(Exercise data begins)

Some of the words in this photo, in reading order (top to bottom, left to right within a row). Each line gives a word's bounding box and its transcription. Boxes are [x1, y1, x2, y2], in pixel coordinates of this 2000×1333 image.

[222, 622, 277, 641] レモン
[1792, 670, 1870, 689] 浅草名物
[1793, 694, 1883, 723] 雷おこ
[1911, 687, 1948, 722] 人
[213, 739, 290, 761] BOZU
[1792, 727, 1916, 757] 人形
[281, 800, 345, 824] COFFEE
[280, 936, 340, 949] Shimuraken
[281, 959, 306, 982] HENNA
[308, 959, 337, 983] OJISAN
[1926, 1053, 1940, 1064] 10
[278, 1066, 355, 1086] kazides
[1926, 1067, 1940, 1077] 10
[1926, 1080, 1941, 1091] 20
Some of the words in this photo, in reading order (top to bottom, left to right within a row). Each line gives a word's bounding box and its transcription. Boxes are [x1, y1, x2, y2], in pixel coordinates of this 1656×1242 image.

(Exercise data ends)
(Exercise data begins)

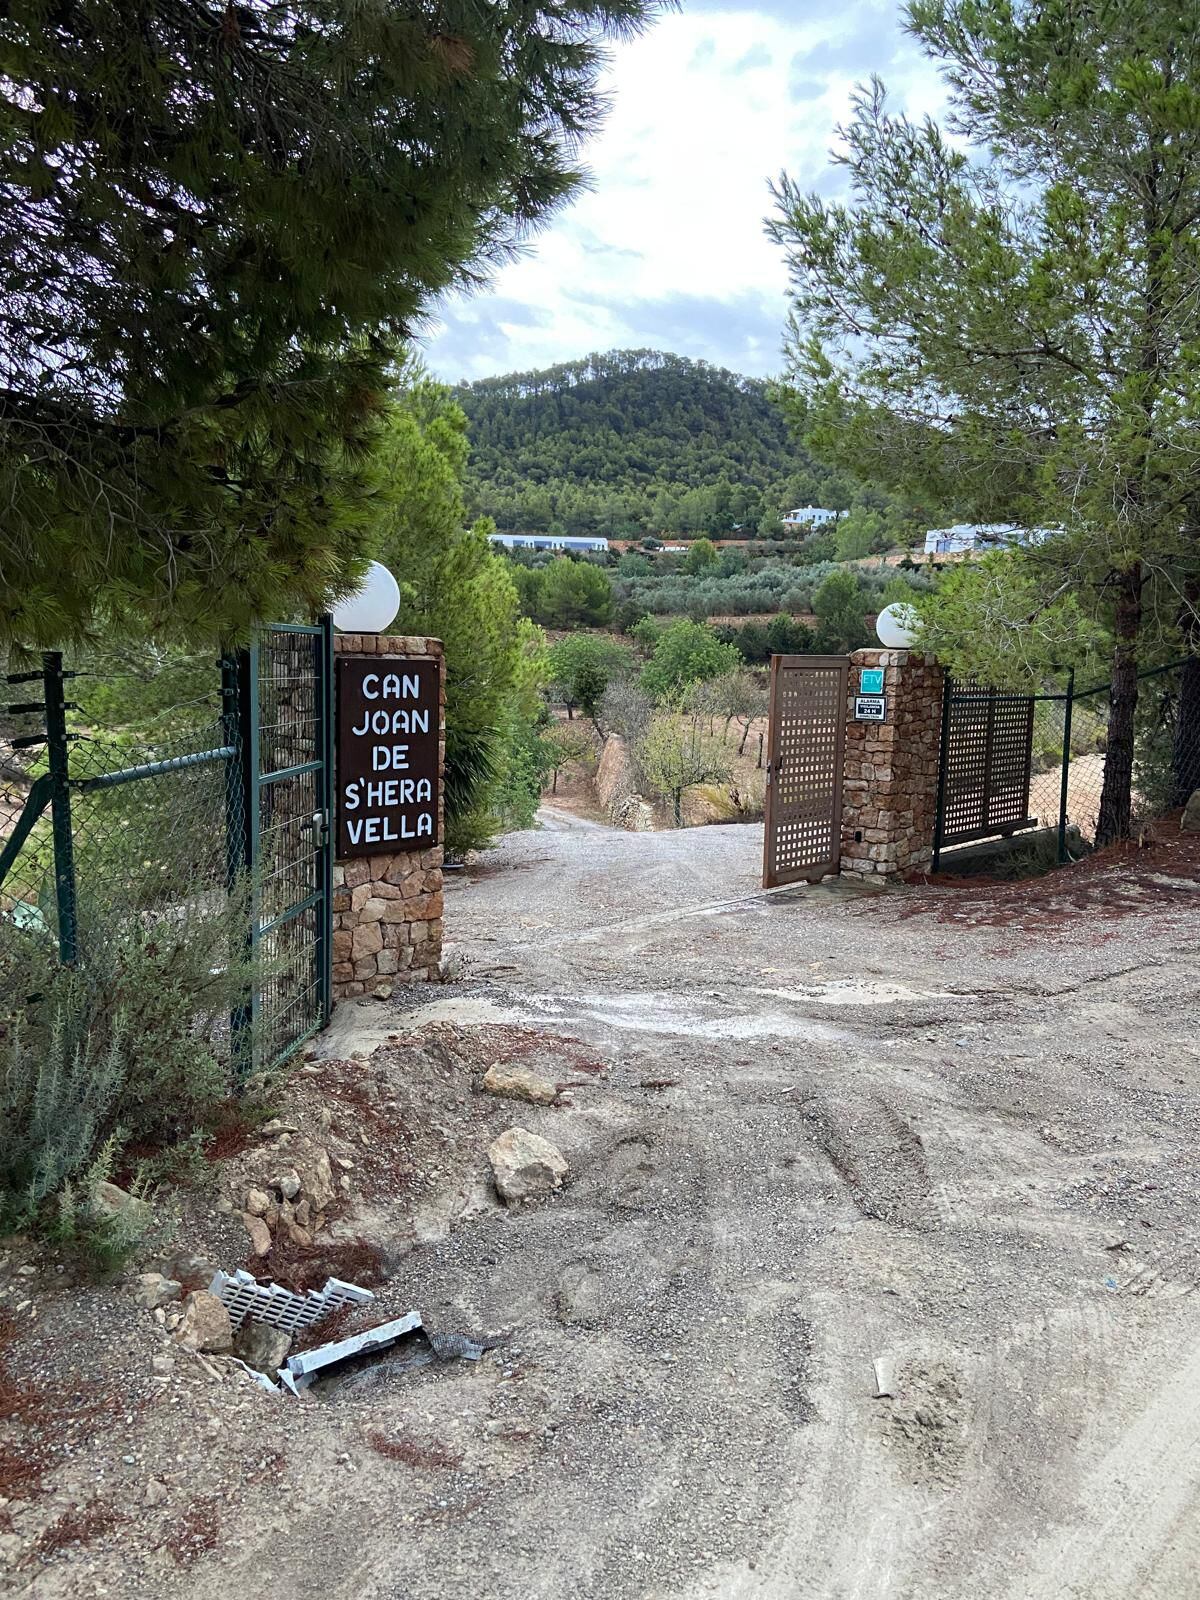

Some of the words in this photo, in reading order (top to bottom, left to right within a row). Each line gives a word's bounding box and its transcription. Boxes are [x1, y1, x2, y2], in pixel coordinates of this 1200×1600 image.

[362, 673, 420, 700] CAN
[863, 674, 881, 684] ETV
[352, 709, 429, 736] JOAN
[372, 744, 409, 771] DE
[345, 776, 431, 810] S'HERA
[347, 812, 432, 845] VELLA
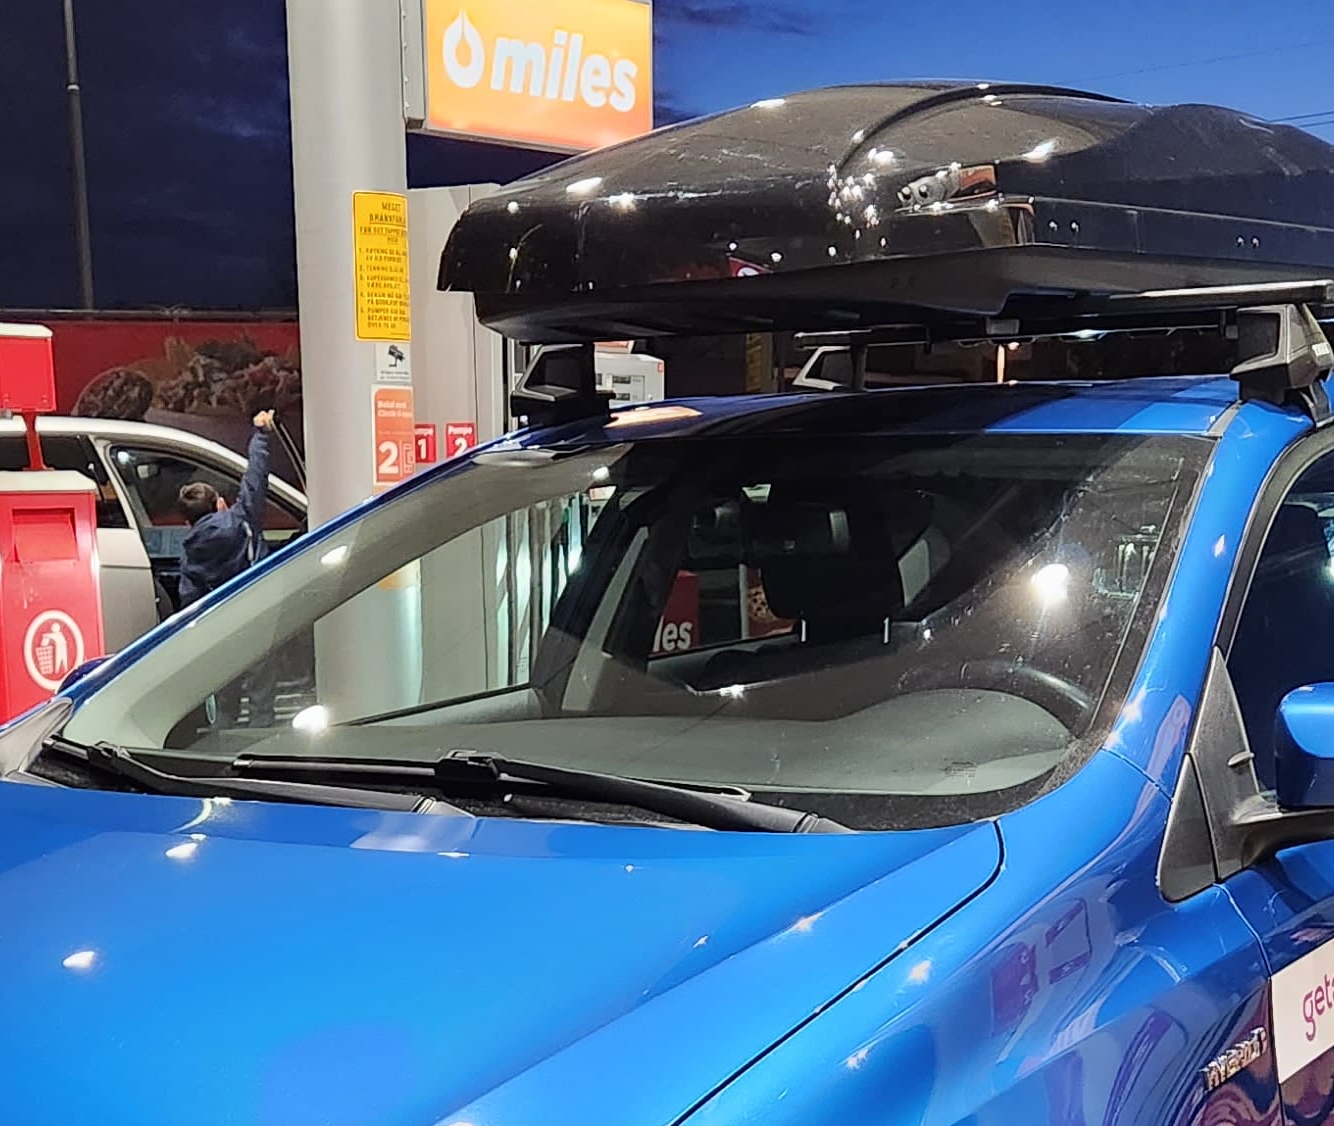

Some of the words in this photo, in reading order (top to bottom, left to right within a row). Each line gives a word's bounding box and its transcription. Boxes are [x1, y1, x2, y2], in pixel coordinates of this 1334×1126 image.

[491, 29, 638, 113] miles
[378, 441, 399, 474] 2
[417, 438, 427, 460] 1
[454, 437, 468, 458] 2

(Exercise data ends)
(Exercise data begins)

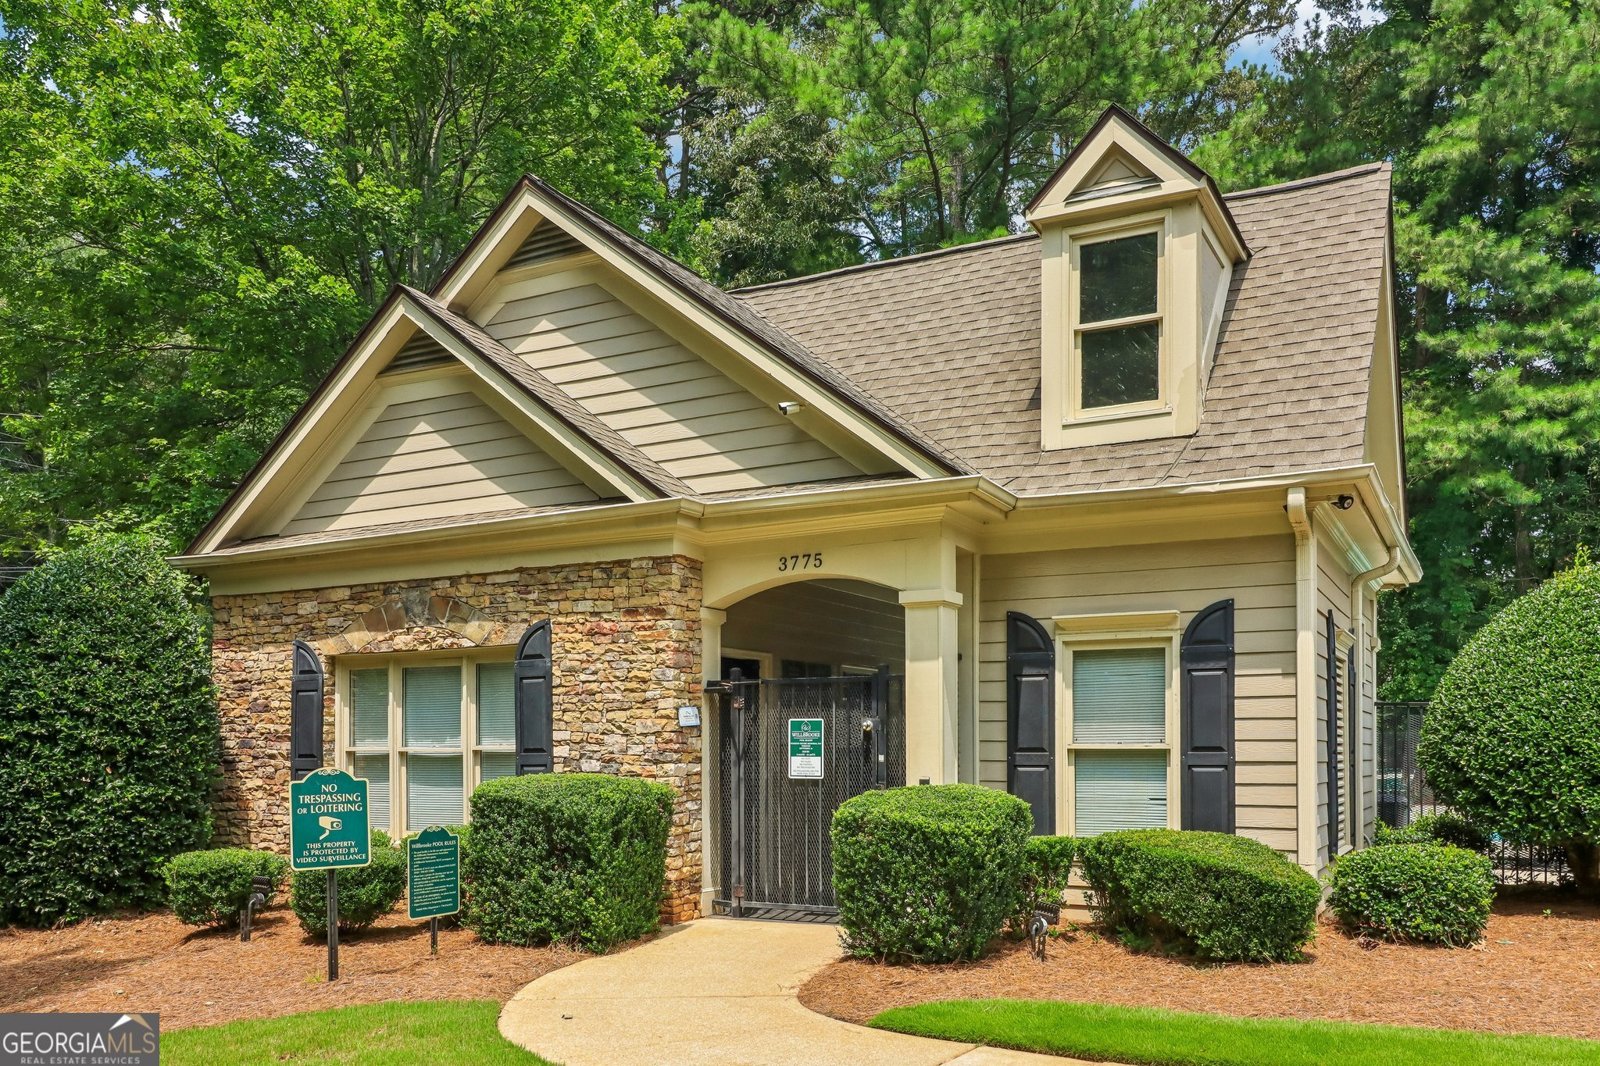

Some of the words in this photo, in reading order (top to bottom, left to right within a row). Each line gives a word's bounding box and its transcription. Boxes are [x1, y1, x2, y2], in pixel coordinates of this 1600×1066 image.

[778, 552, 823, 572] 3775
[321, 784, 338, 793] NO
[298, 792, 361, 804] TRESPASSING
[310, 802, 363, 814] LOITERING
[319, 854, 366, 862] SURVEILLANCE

(Exercise data ends)

▶ **Prompt**: Could you restate word for word the lines above, from the one that contains "this 2000×1333 image." through the one that contains "this 1656×1242 image.", and no others?

▶ **Task response**:
Some of the words in this photo, in reading order (top to bottom, left to right within a row). Each line gives a word's bounding box and its transcription. Boxes are [x1, y1, x2, y2], in pixel coordinates of this 2000×1333 image.

[222, 622, 277, 641] レモン
[1792, 670, 1870, 689] 浅草名物
[1793, 694, 1883, 723] 雷おこ
[1911, 687, 1948, 722] 人
[213, 739, 290, 761] BOZU
[1792, 727, 1916, 757] 人形
[281, 800, 345, 824] COFFEE
[280, 936, 340, 949] Shimuraken
[281, 959, 306, 982] HENNA
[308, 959, 337, 983] OJISAN
[1926, 1053, 1940, 1064] 10
[278, 1066, 355, 1086] kazides
[1926, 1067, 1940, 1077] 10
[1926, 1080, 1941, 1091] 20
Some of the words in this photo, in reading order (top to bottom, left to right within a row). Each line gives a word's bounding box and its transcription. Boxes are [x1, y1, x2, y2], in pixel coordinates of this 1656×1242 image.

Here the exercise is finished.